1.2 Volcano Monitoring and Eruption Forecasting in Aotearoa New Zealand

Aotearoa New Zealand straddles the plate boundary between the Australian and Pacific plates and thus features active volcanism. The national volcanic monitoring is coordinated by GNS Science, New Zealand’s geological agency, through the GeoNet programme (New Zealand Ministry of Civil Defence and Emergency Management, 2015). The Volcano Monitoring Group (VMG) consists of GNS Science staff based at three sites and meets regularly to review the status of all 14 monitored New Zealand volcanic centers. The VMG has the responsibility to set Volcano Alert Levels (VALs) (Potter et al., 2014), the Aviation Color Codes of the International Civil Aviation Organization and provide scientific advice to emergency management authorities at the national, regional, and local level. There are six VALs, ranging from 0–5, that describe the status of each volcano. The VAL is not predictive or forecasting, and only describes the current level of activity. No detectable volcanic unrest corresponds to VAL 0, minor or moderate to heightened volcanic unrest to VAL 1 and 2. VALs 3 – 5 describe small, moderate and major eruptions, respectively, causing eruption hazards near vent (3), on and near volcano (4) and on and beyond volcano (5). VALs aim to inform the public and agencies of current activity levels, and the hazards associated with that level of activity.
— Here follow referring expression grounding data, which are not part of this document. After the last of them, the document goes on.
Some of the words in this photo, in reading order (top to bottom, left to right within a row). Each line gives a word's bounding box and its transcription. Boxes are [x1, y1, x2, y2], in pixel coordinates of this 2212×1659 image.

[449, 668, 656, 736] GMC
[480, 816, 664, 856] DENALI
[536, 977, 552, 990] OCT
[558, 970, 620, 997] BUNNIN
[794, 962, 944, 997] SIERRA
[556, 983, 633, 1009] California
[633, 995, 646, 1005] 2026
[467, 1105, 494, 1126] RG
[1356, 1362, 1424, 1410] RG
Since 2014, the VMG has undertaken regular expert elicitations to estimate the probability of an eruption for volcanoes at VAL 1 (every 13 weeks) and VAL 2 (every 4 weeks), and more often following an eruption (Deligne et al., 2018). Individual team members provide their best guess, minimum, and maximum likelihood estimates for an eruption impacting beyond the crater rim over the time window of interest, usually 91 days at VAL1 and 28 days at VAL2, via email to a moderator, who is the only person who knows the identity of elicitation participants for a specific elicitation. At least 8 participants are required to contribute, with at least one each from the fields of geochemistry, geophysics, and geology. Monitoring data and the eruption catalogue provide fundamental inputs into the elicitation process as well as the regular discussions of the VMG. The result of this VMG elicitation, is fed into a life safety calculation (Deligne et al., 2018) assessing the level of risk and setting access protocols for staff visiting the volcano.
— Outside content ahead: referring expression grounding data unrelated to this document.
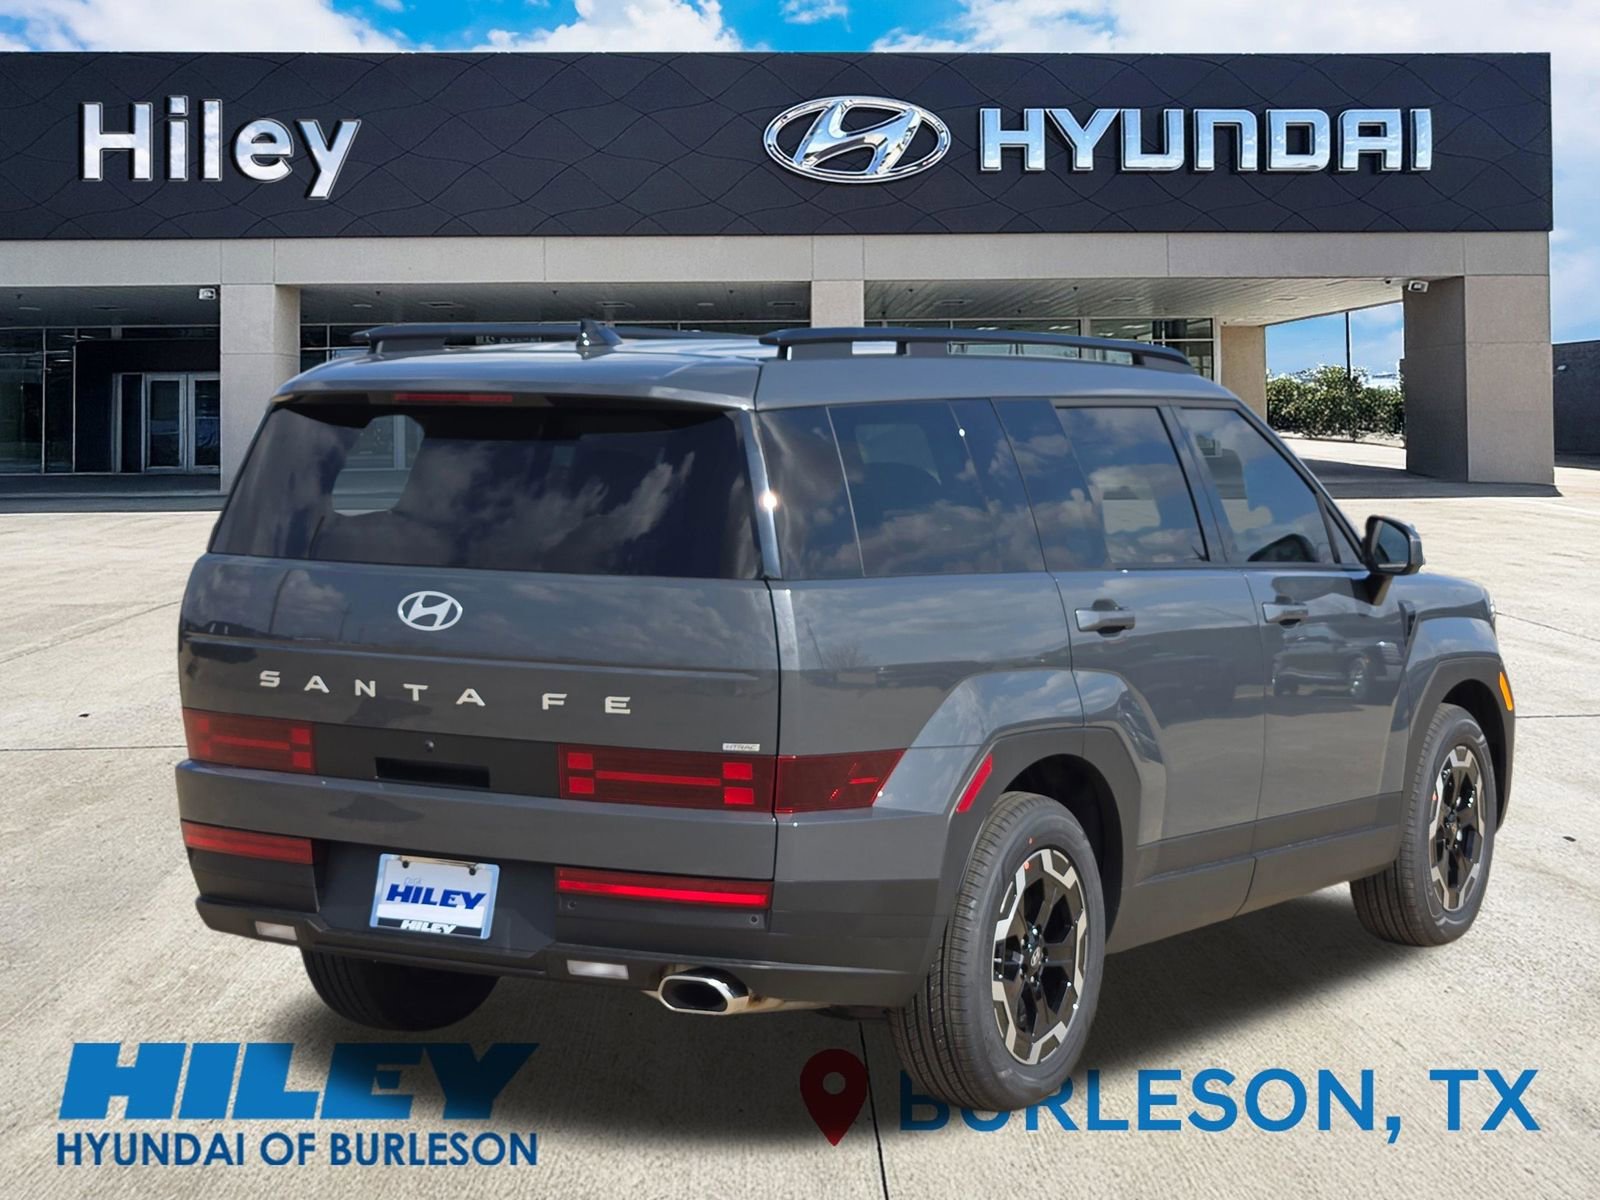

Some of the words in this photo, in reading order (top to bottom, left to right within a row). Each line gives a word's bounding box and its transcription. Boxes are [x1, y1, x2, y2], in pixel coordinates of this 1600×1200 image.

[80, 95, 362, 200] Hiley
[979, 107, 1434, 172] HYUNDAI
[258, 670, 486, 707] SANTA
[541, 692, 631, 715] FE
[386, 884, 487, 910] HILEY
[400, 919, 457, 935] HILEY
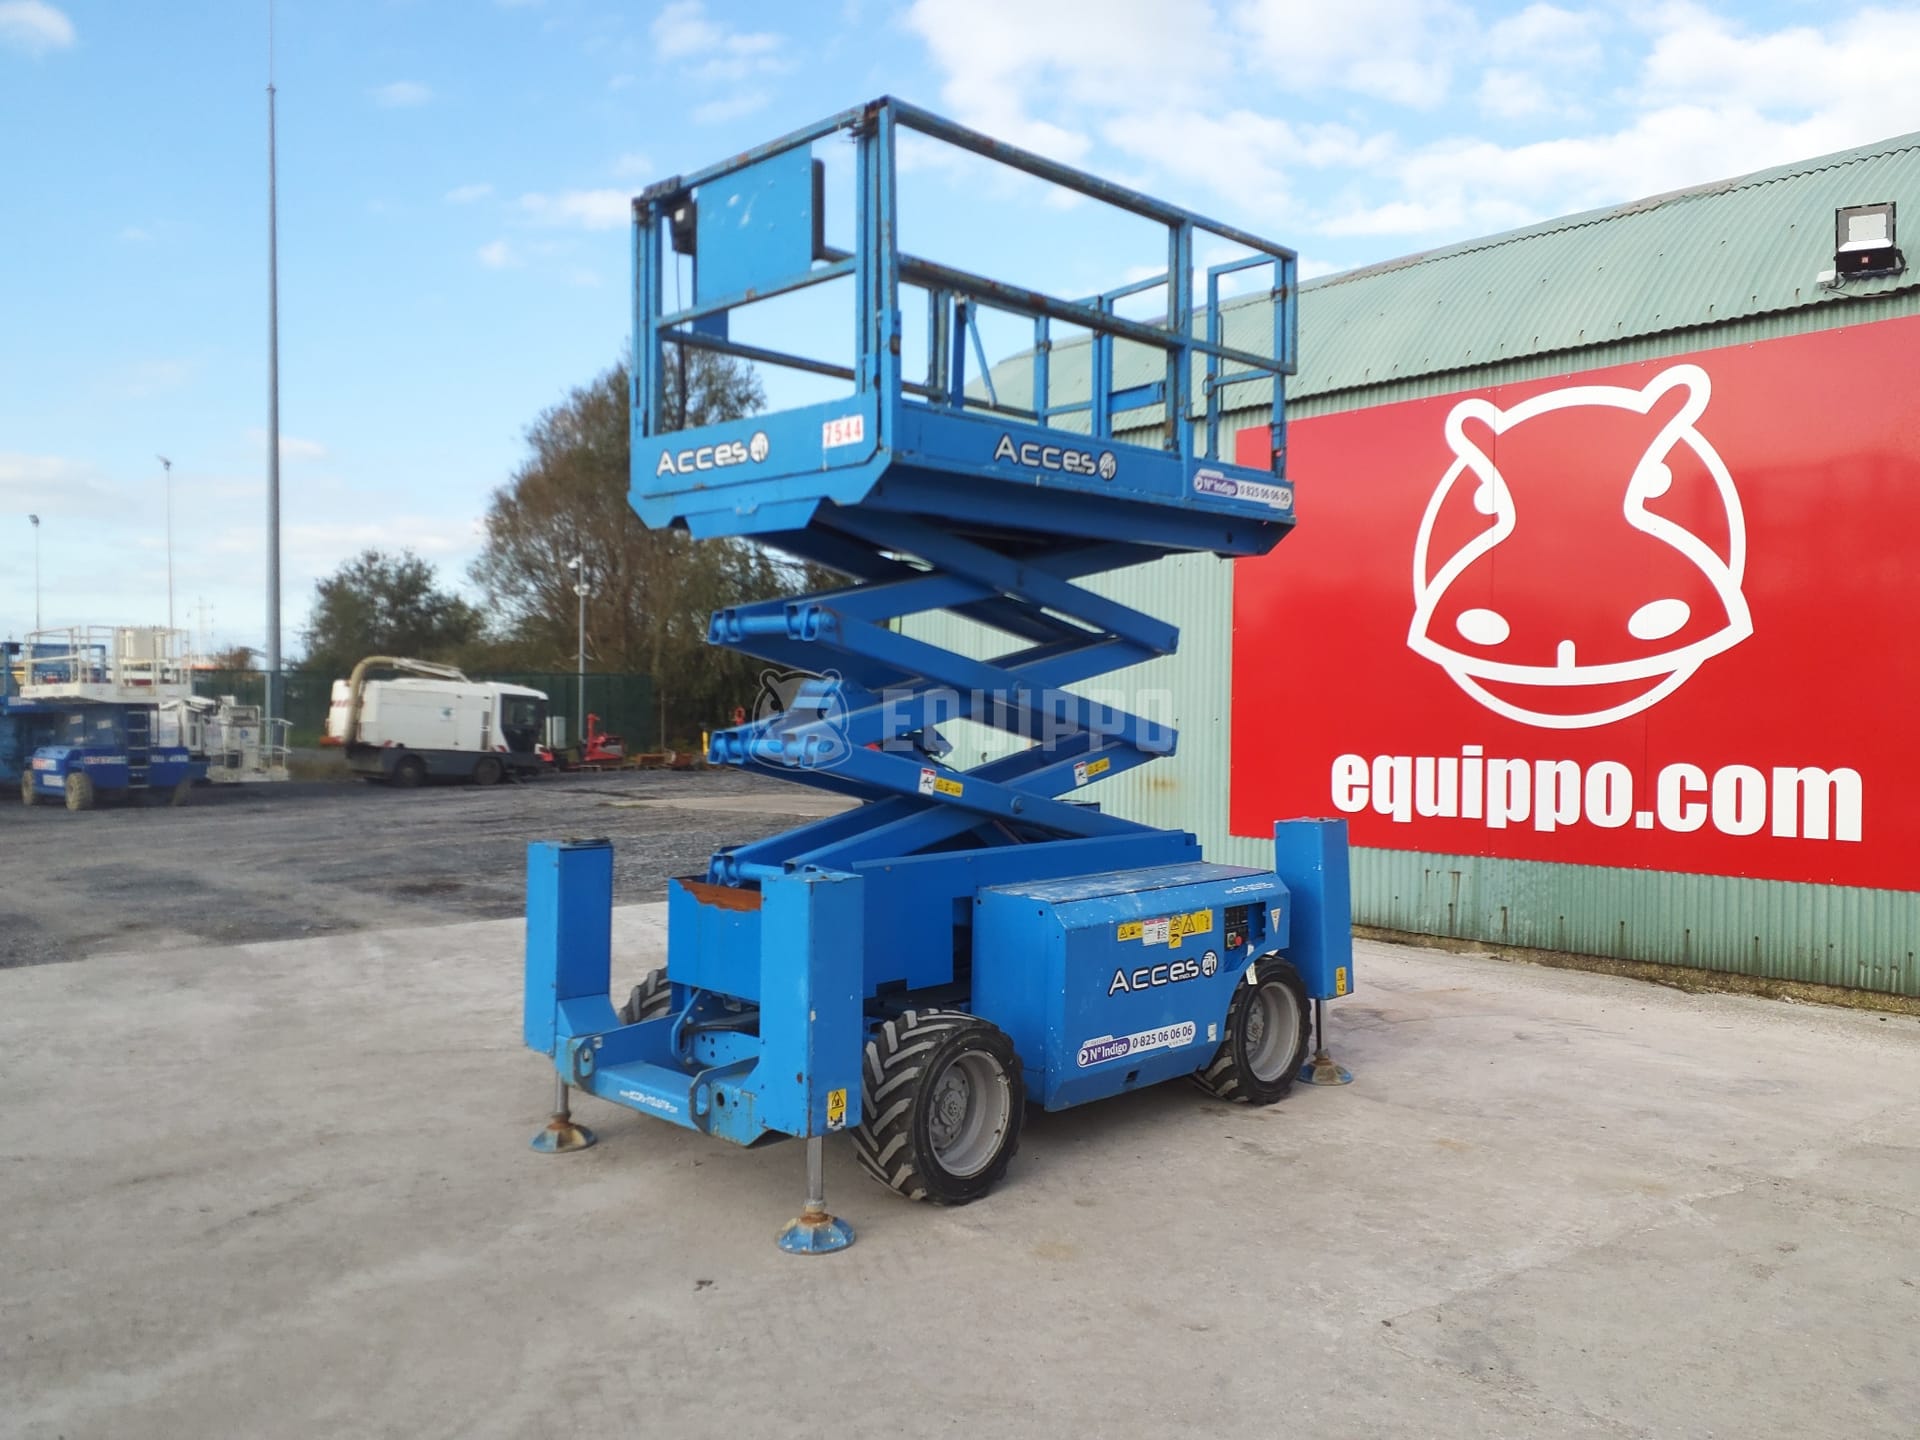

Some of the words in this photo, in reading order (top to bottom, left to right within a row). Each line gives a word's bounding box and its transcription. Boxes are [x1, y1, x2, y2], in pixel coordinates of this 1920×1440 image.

In this paper we describe a method to develop a BN to support decision-making, and then apply the method to Mt Ruapehu, Aotearoa, New Zealand to derive an automated eruption forecast learned from monitoring data and expert elicitation. Section 2 provides background on BNs in the context of eruption forecasting and outlines a method for their development to support decision-making. Section 3 describes Mt Ruapehu, including the conceptual understanding of the volcano, its eruption history, as well as available monitoring data to build the BN. Section 4 applies the method to forecast eruptions within the parameters of the VMG elicitation. The results are analysed via three case studies, followed by discussions of advantages and limitations of this modelling approach. The paper closes by looking at next steps and future developments.
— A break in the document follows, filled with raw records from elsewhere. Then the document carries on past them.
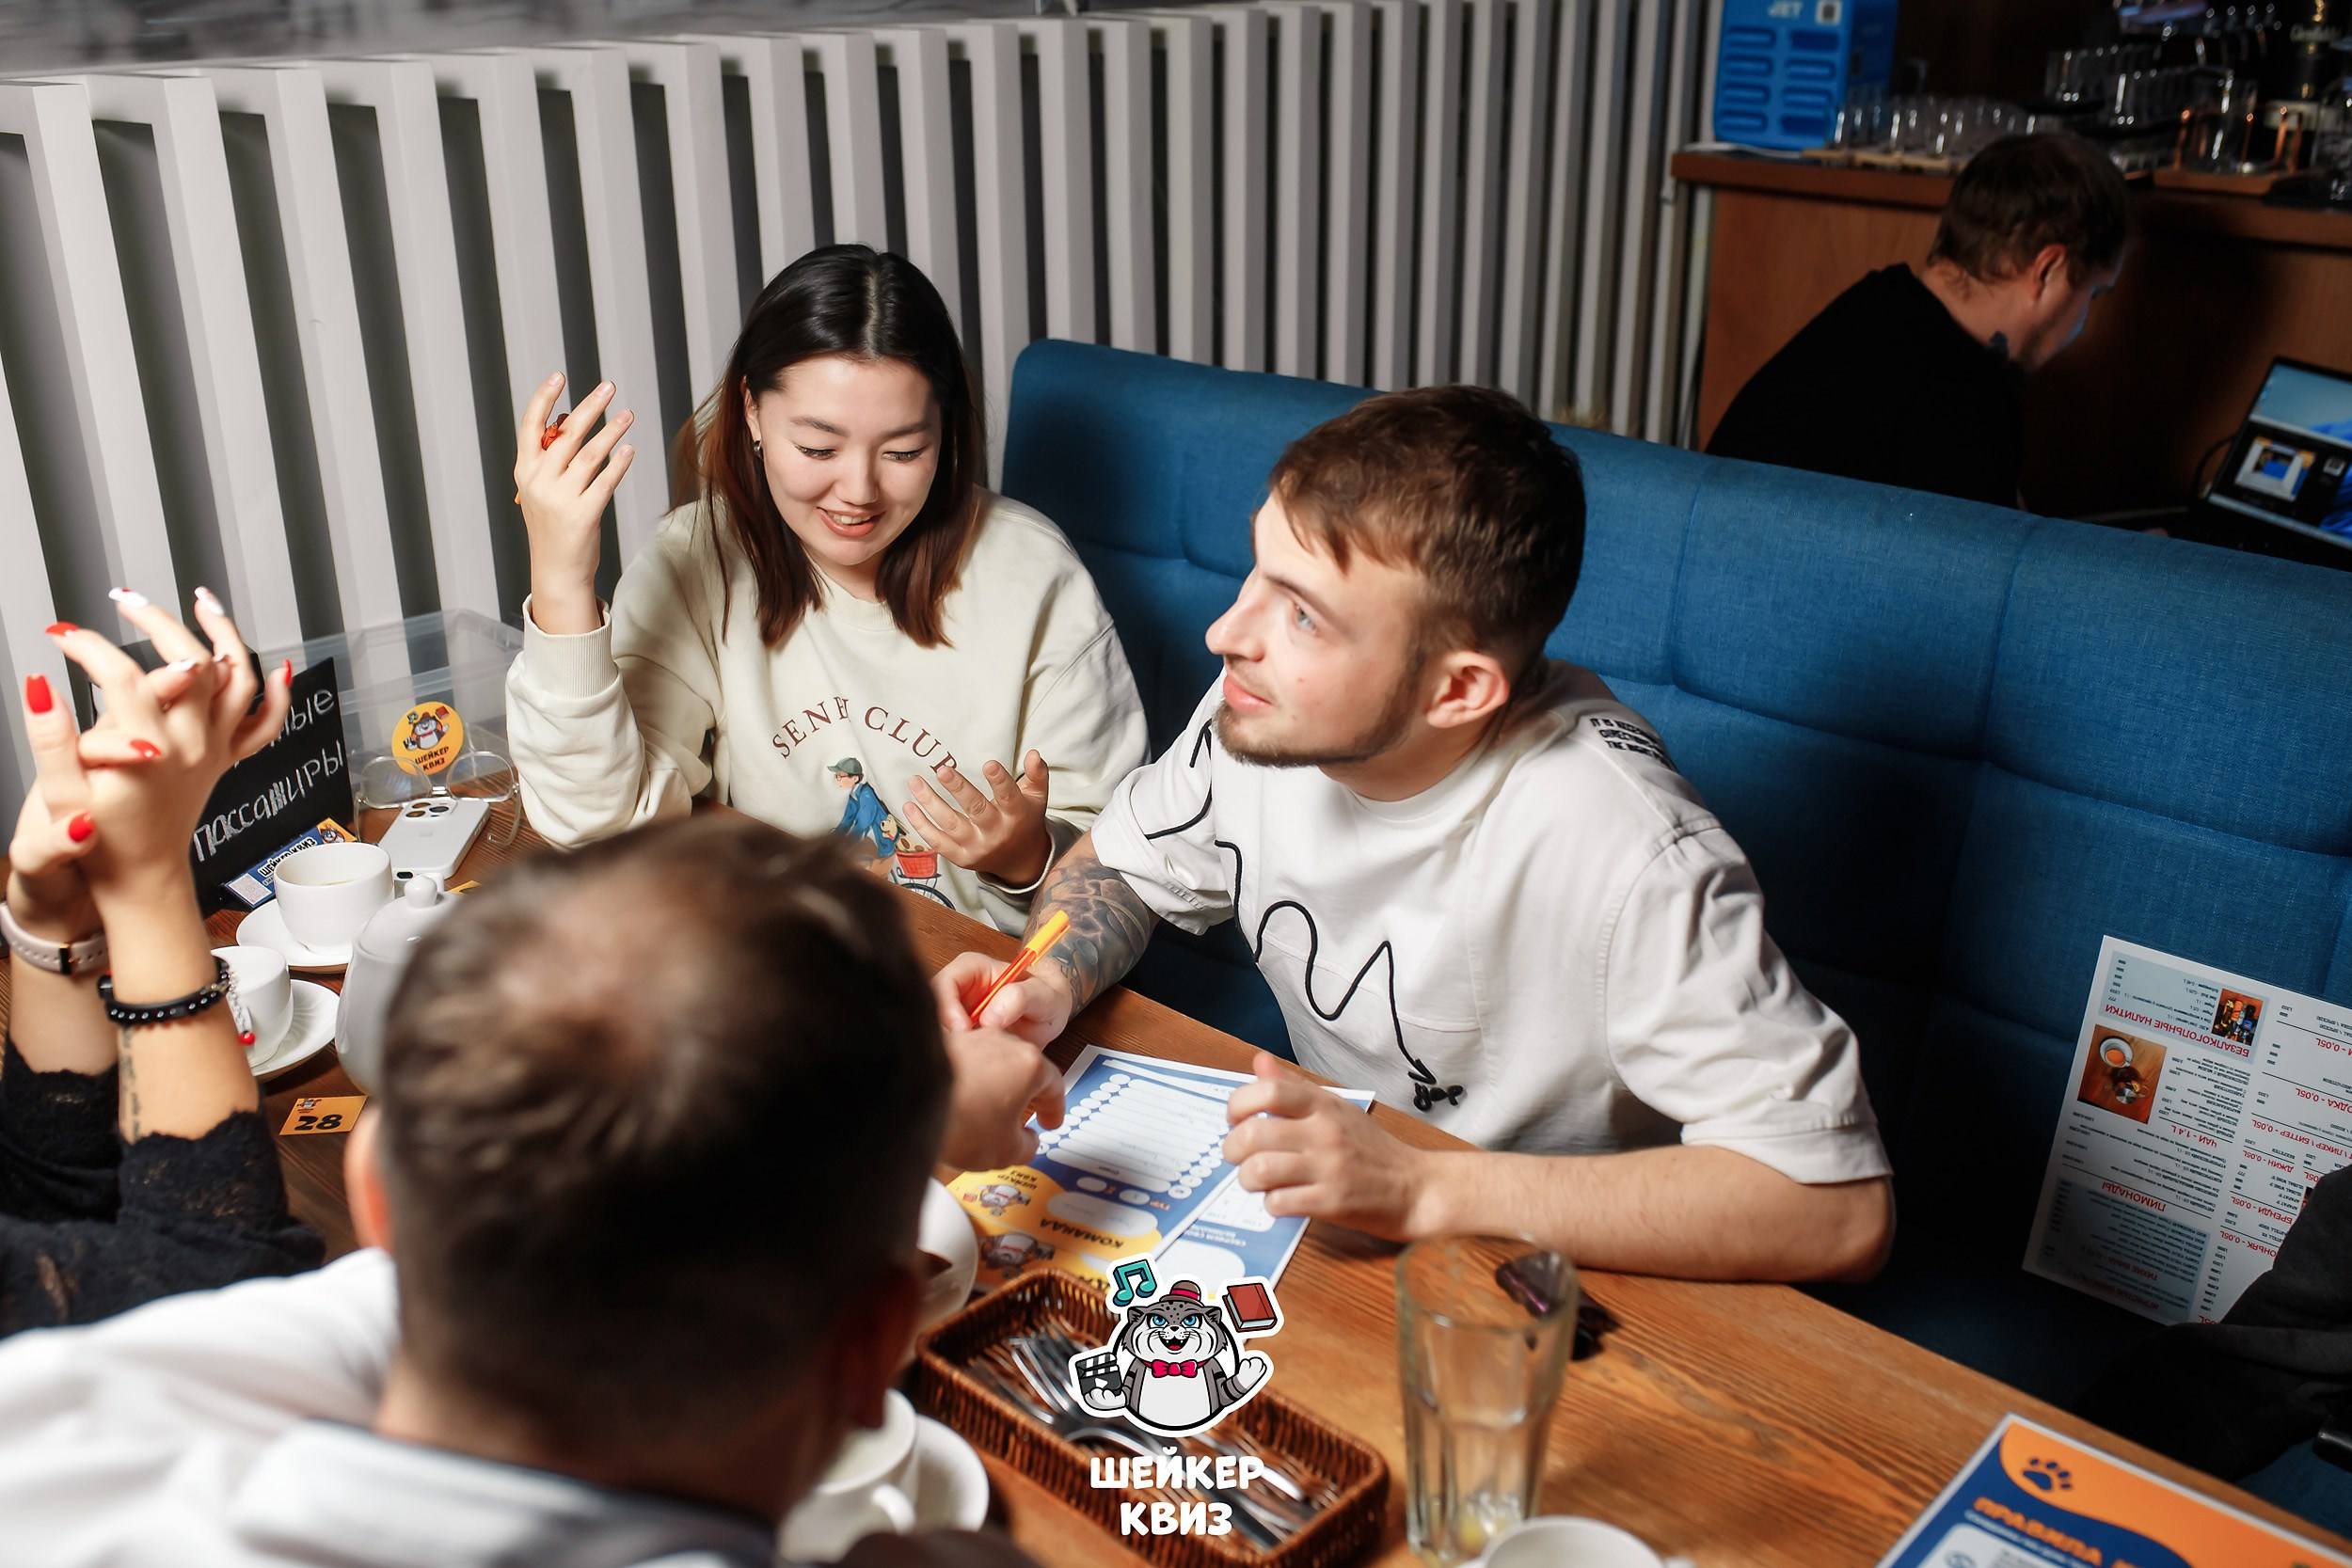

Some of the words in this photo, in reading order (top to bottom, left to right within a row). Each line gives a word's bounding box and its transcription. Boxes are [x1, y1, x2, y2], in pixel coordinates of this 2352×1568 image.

[415, 746, 450, 765] ШЕЙКЕР
[422, 757, 445, 771] КВИЗ
[2105, 1004, 2153, 1026] НАПИТКИ
[2153, 1020, 2250, 1057] БЕЗАЛКОГОЛЬНЫЕ
[294, 1114, 343, 1132] 28
[2280, 1129, 2310, 1145] БИТТЕР
[2315, 1142, 2344, 1156] ЛИКЕР
[2267, 1159, 2294, 1173] ДЖИН
[2101, 1181, 2167, 1212] ЛИМОНАДЫ
[2257, 1206, 2293, 1225] БРЕНДИ
[1040, 1217, 1124, 1249] КОМАНДА
[2246, 1241, 2278, 1258] ОНЬЯК
2 Bayesian Networks for Eruption Forecasting

Bayesian Networks (BNs) are probabilistic graphical models that represent a set of random variables and their joint probability distribution via a directed acyclic graph (Pearl, 1986; Korb and Nicholson, 2010). Figure 1A shows a simplified example of the graph for volcanic eruption forecasting. The variables are represented by nodes. The example includes simplified nodes for volcanic monitoring data in light blue, the node for Eruption in orange and one hidden node, Magmatic Intrusion, in yellow, that cannot be directly observed. Directed links (also called arcs) point from a “parent” node to a “child” node. “Acyclic” means that circular loops cannot be modelled while closed loops are possible. Thus, in the example, an additional arc could be added between Volcanic Process and Seismicity, with Magmatic Intrusion the parent node to avoid a cyclical loop. The direction of the arcs may indicate a causal relationship, e.g., Magmatic Intrusion may cause Geochemistry observations. However, the probabilistic calculations behind the graph representation only require dependence (e.g., correlation) between random variables and not necessarily causality. Therefore, the direction of the arcs can be chosen depending on how the joint probability distribution can best be quantified. This is different to event trees where the direction of the arcs generally indicates a sequence of events.

FIGURE 1

FIGURE 1. Illustration of (A) a BN structure (B) Conditional Probability Tables (CPTs) associated with each node, and (C) inference, where the observation of “High Seismicity” changes the probability distribution of the other notes. Monitoring data shown in blue, the Eruption node in orange and “Magmatic Intrusion” as a hidden node for a volcanic process in yellow. The direction of the arrows connecting the nodes do not indicate causation, or a linear process in time. Instead, they reflect dependence that is modelled with probabilistic relationships. Subplot (B) shows example of CPTs for a simplified model, where each variable has only two states. For all but the node Crater Lake Temperature, the distribution of the states is conditional on the states of the parent node. In the text we provide example calculations for the probabilities, as well as for the inference in (C).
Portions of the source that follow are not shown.